Criteria 1 – Longevity
True art is something that sticks with us beyond short-term excitement; your favorite album is something you’ve loved for a long time, right? Similarly, a classic album should be able to resonate with an audience long beyond its brief period of popularity on release.
Look at Wu-Tang Clan’s 36 Chambers, for example. This is a record still discussed and referenced a hefty eighteen years later, because the content is memorable enough to situate itself as an all-time masterpiece.
These long-lasting albums often opened up new opportunities for their creators, as the artist’s legacy was solidified through being mentioned in circulation. All of those Wu-Tang members are regarded as all-time lyrical legends now, and RZA has been acclaimed for his leadership on 36.
Criteria 2 – Impact
This is probably the most misunderstood criteria here. Impact is a tumultuous criteria among music communities; some hold it as the singularly most important factor to an artist’s success, whereas others disregard it entirely.
Regardless of your viewpoint, impact – and arguably by association, influence – is an essential component of classic status.

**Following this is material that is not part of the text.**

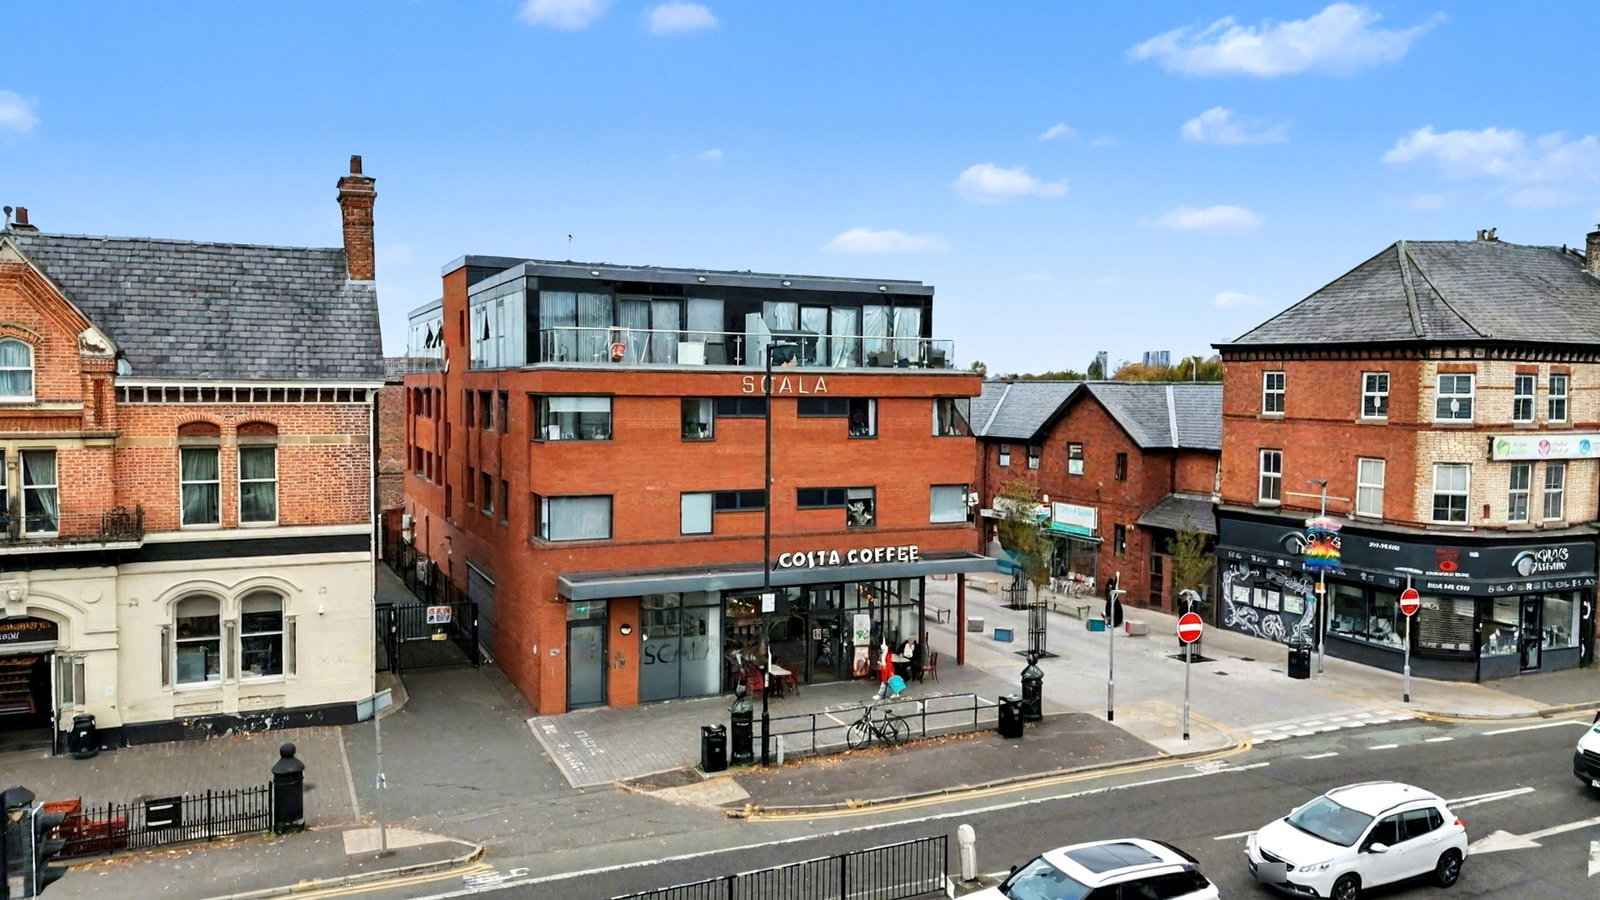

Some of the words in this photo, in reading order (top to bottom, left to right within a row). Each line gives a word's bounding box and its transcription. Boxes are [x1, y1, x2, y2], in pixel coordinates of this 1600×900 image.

[742, 375, 828, 394] SCALA
[779, 549, 840, 569] COSTA
[847, 545, 919, 565] COFFEE

For example, let’s look at one of the most celebrated rappers of all-time; Nas. Street’s Disciple was generally acclaimed on release, being seen as a continued return to form after his struggle in the late ‘90s.

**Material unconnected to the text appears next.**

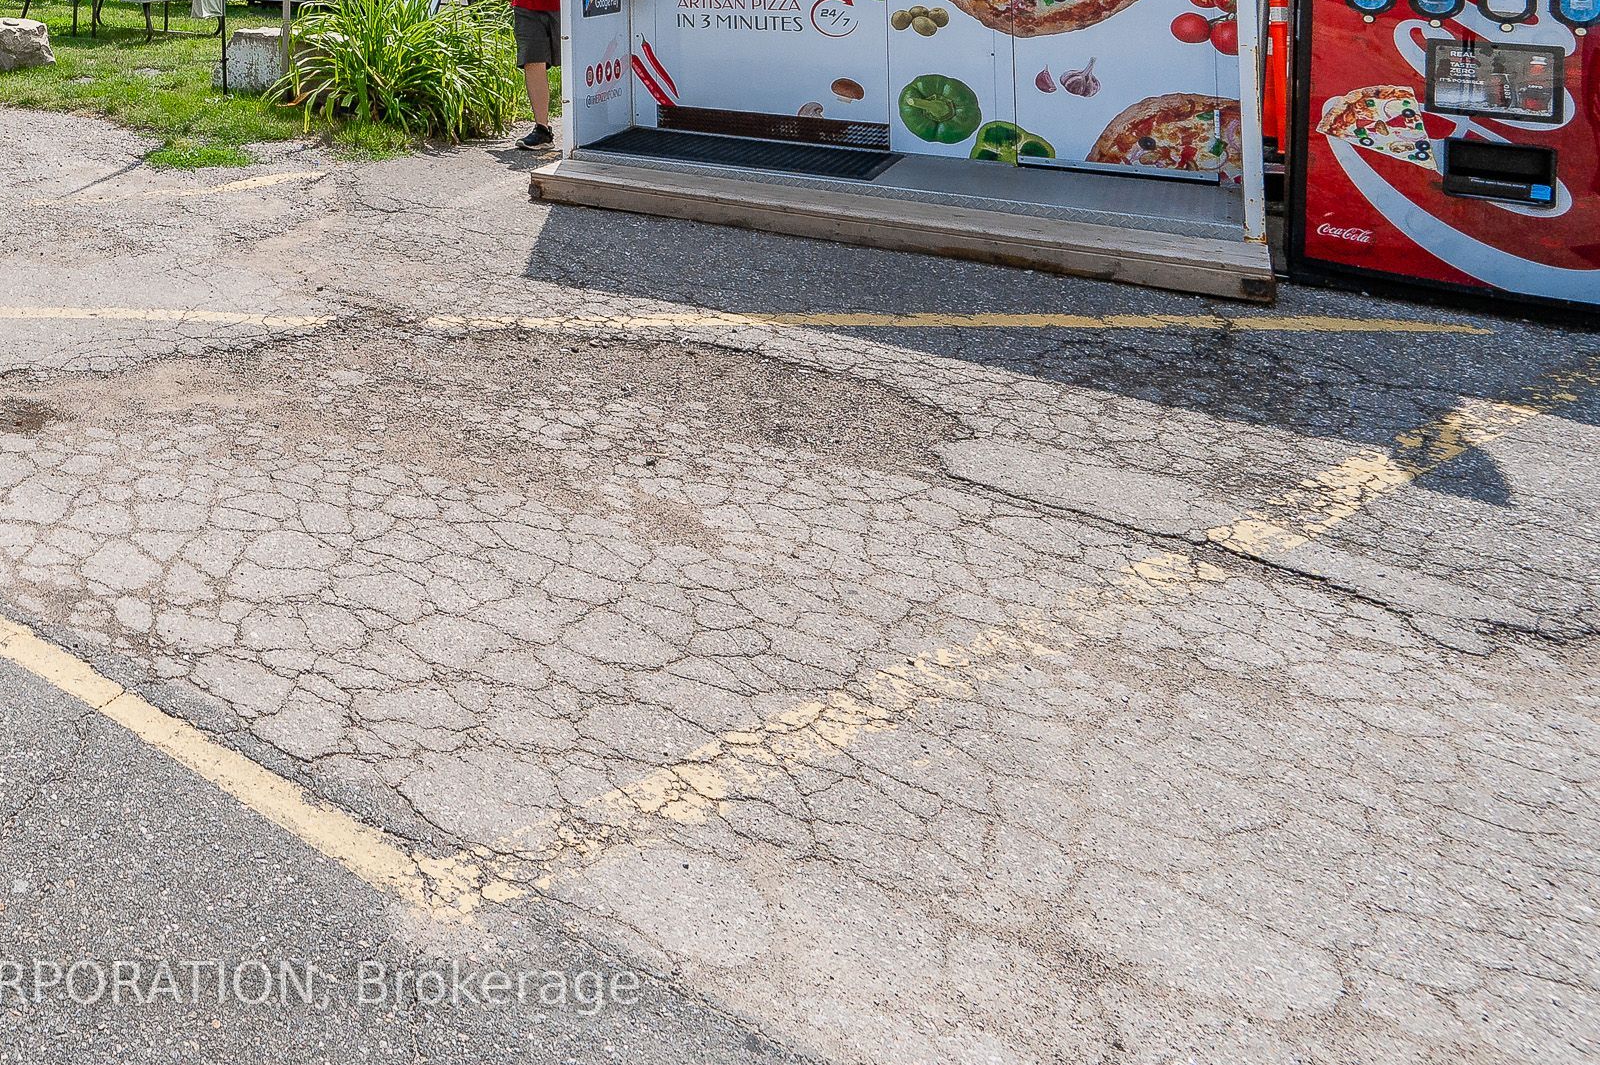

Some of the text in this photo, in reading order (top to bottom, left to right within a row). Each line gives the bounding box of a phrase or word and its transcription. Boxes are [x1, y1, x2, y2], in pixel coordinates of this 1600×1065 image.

[676, 13, 803, 32] IN 3 MINUTES
[820, 8, 851, 27] 24/7

However, in retrospect, this album has failed to leave a notable effect on the hip-hop community with time. Nas’ earlier ‘00s albums are far more remembered, and hold a far more valid classic argument. Unfortunately, the same cannot be said for Street’s Disciple.
Criteria 3 – Acclaim
And for the most obvious criteria here, the album in question needs to have a relatively positive reception. Works of art are not seen as classics if they’re poorly made; even if such weak craftsmanship is why it’s remembered to begin with.
Common’s Universal Mind Control is known among Common fans for its overwhelmingly bad reception. That isn’t classic material.

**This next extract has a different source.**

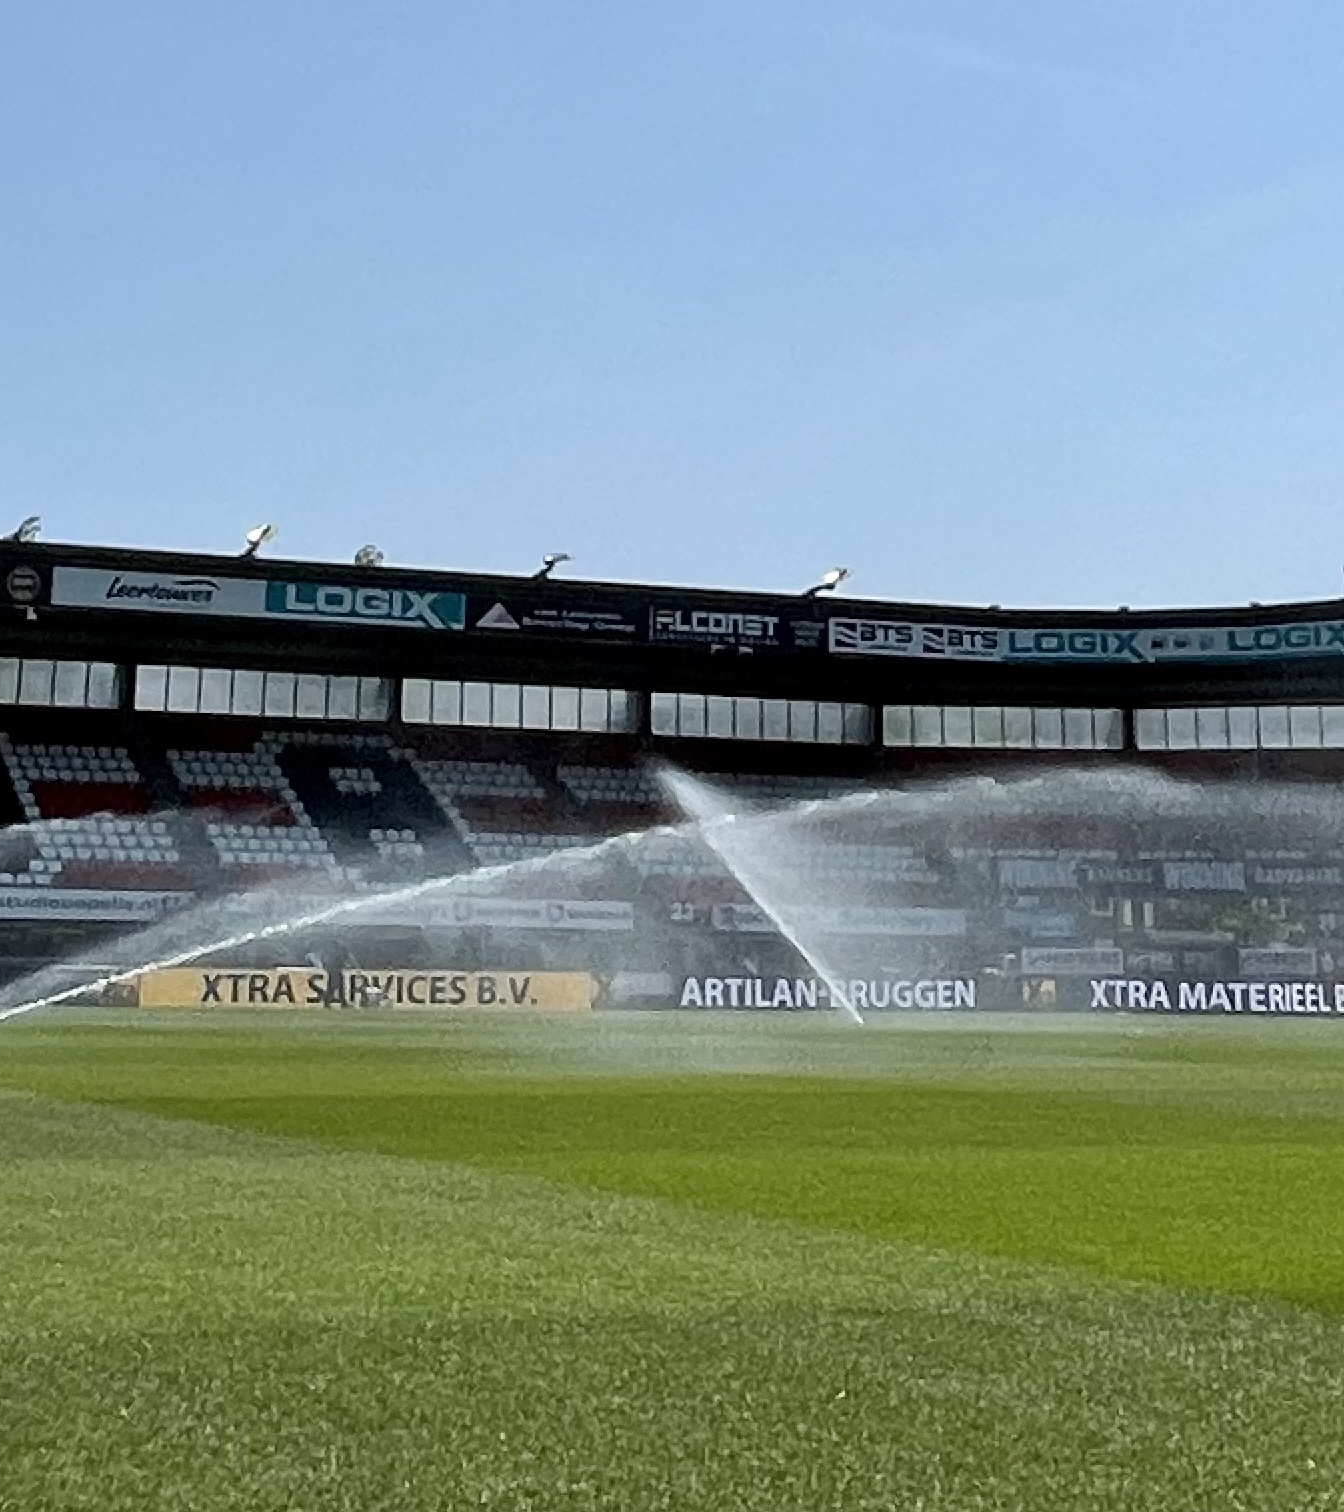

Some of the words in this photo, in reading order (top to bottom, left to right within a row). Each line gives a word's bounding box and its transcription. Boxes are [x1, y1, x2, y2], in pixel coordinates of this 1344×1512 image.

However, if you take an album like Kanye West’s My Beautiful Dark Twisted Fantasy – which was commercially and critically celebrated from the moment it dropped – it is immediately noticeable how important the album was to the culture.
The most common misconception in deciding a classic is that if an album is widely loved on release, it immediately takes that title. Metro Boomin’s NOT ALL HEROES WEAR CAPES was a success on release and named a classic straightaway by fans, but can we really tell it’ll be still be praised this way five, ten years later? We can only assume, which ties back to the longevity argument as well.
Are there exceptions?
With that being said, there are some exceptions we can consider. Even if they miss out on one of these core criteria, the other two may apply to it so heavily that it cancels out.
For example, Kendrick Lamar’s To Pimp a Butterfly received a rave response on release. Immediately considered an all-time great hip-hop album by the public, critics and music nerds alike, it now holds a status as one of the most loved hip-hop albums ever. It didn’t take long for it to be deserving of the classic rank.
Several underground albums may not necessarily play into the impact category because of their limited reach; this is where the cult classic and underground classic terms come into play. Hardcore hip-hop heads will argue the CunninLynguists’ Will Rap For Food is deserving, despite lacking a notable impact outside of small circles. How generous you want to be in that regard is truly your decision; we can all agree A Piece of Strange hits the mark, though.